One example of the purification that follows an OTO reaction can be found in patent publication DE 10 2014 112 792 A1, which describes how, in a first step, a heterogeneously catalysed conversion of at least one oxygenate to a product stream comprising C2 olefins, C3 olefins, C4 olefins, C5/6 hydrocarbon compounds and C7+ hydrocarbon compounds and, in a second step, a removal of a propylene stream consisting to an extent of at least 95% by weight of C3 olefins is generated.
The further purification units that are described in DE 10 2014 112 792 A1 are in accordance with the concept customary in the art. The quenching may already bring about a coarse separation of the fractions according to their chain length of the resultant olefins due to partial condensation, thus allowing a liquid C4+ fraction to be discharged from the quench. The C4− fraction separated in gaseous form is subsequently introduced into a compression stage. The C4− fraction from the compression is then sent to a separation apparatus in which C3−hydrocarbons are separated from the C4+ hydrocarbons. In subsequent purifying steps the C3 fraction is separated from the C2− fraction in a further separating unit, wherein this has to be carried out under pressure owing to the low boiling points of the two fractions. Overall, the purification of the product stream is complicated since the aim is a high purity of the products. This is true of MTP plants having typical production capacities of about 470 kta of propylene, but becomes even more crucial if the plant capacity is lower (100 kta or 200 kta of propylene). This means that small plants are relatively uneconomic.
In particular, the products of the MTP process include a propylene product stream, and ethylene product stream and a gasoline fraction, the latter comprising higher paraffins, olefins, aromatics and cyclic hydrocarbons. Moreover, various hydrocarbons are obtained within the process, in particular streams containing C4 olefins, C5 olefins and C6+ olefins, which are recycled predominantly or completely to the MTP reactor, where they are cleaved to short-chain olefins, which improves the yield of the propylene and ethylene target products.

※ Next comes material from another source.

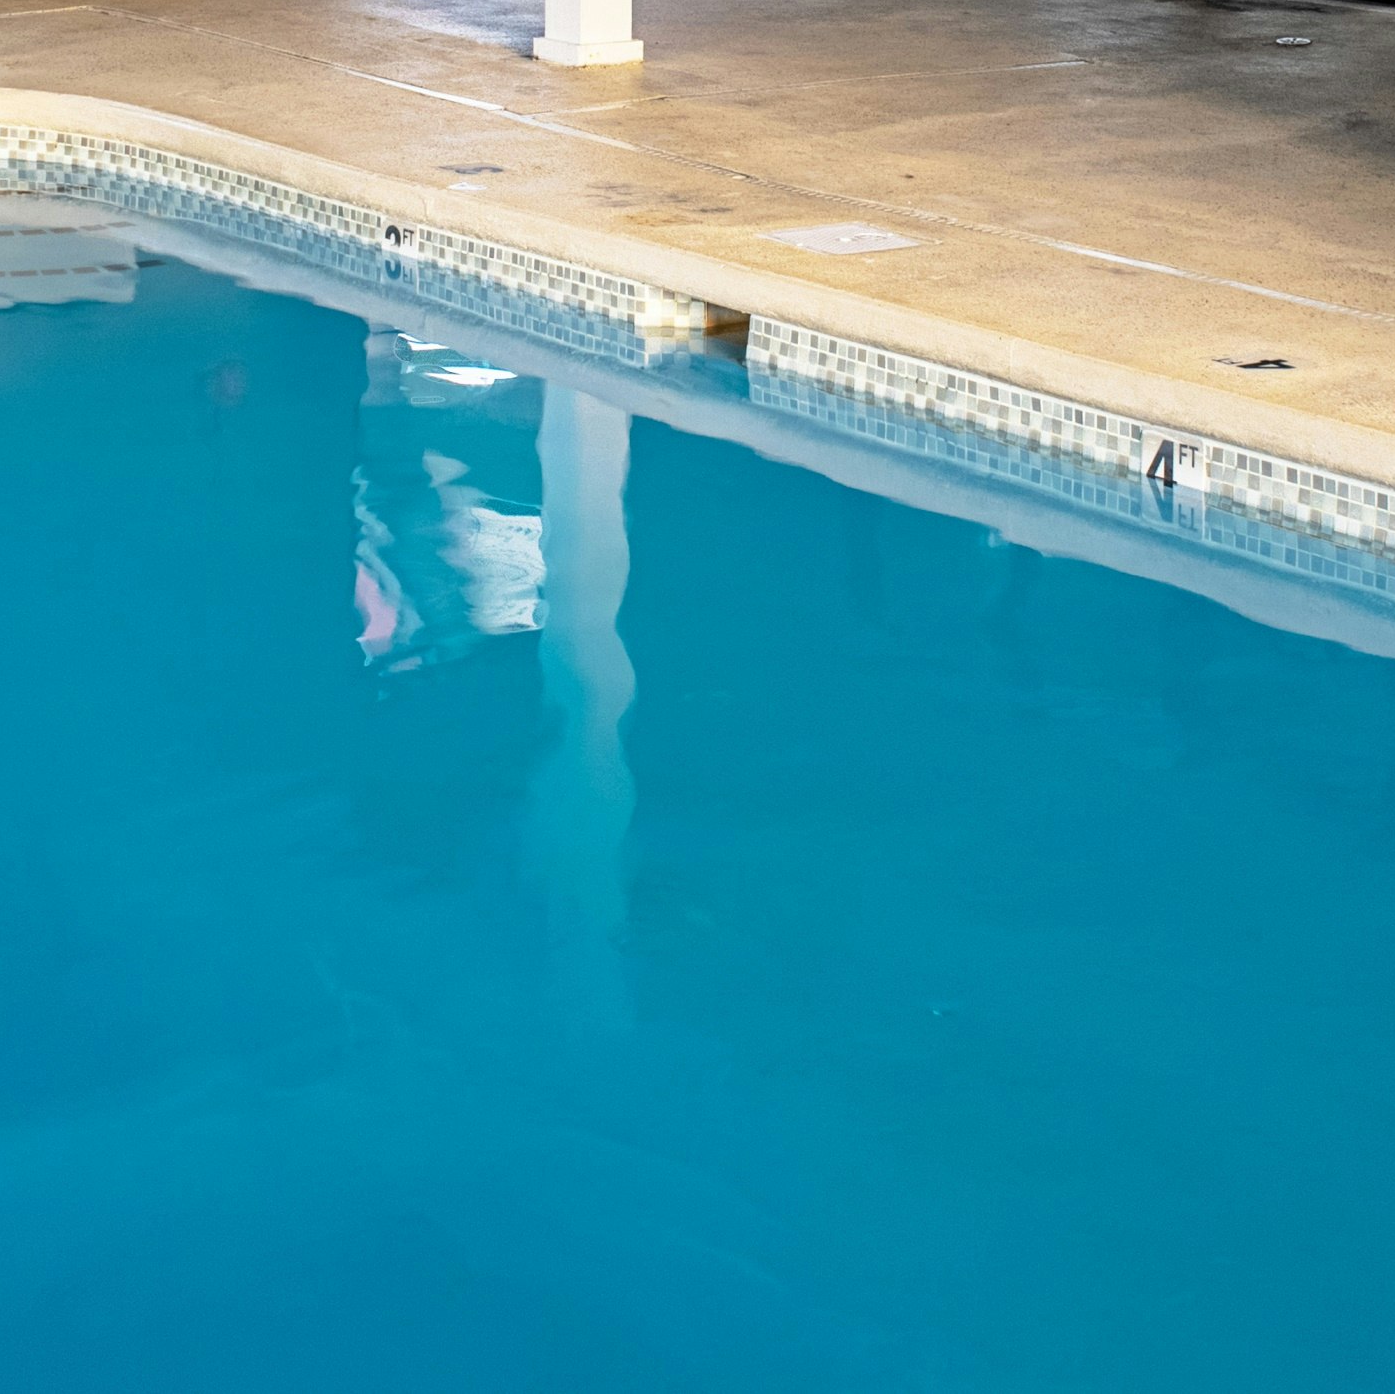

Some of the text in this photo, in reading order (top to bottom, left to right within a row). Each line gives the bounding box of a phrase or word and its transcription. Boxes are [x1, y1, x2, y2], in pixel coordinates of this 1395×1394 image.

[403, 228, 414, 246] FT
[1146, 439, 1199, 488] 4 FT

The main aim of the MTP process in its existing configuration is the maximization of the yield of propylene, which is a particularly sought-after product. However, there is also a need to provide ethylene and propylene, ideally with variable proportions, for a copolymerization of the two olefins. For this purpose, the configurations of the MTP process and of other OTO processes that are known from the prior art do not offer a satisfactory solution to date.
It is therefore an object of the present invention to propose a process for producing olefins from oxygenates with variable production of ethylene and propylene, which avoids the disadvantages of OTO processes mentioned that are known to date from the prior art.
Oxygenates are in principle to be understood to mean all oxygen-containing hydrocarbon compounds that can be converted under oxygenate conversion conditions to olefins, especially to short-chain olefins such as propylene, and further hydrocarbon products.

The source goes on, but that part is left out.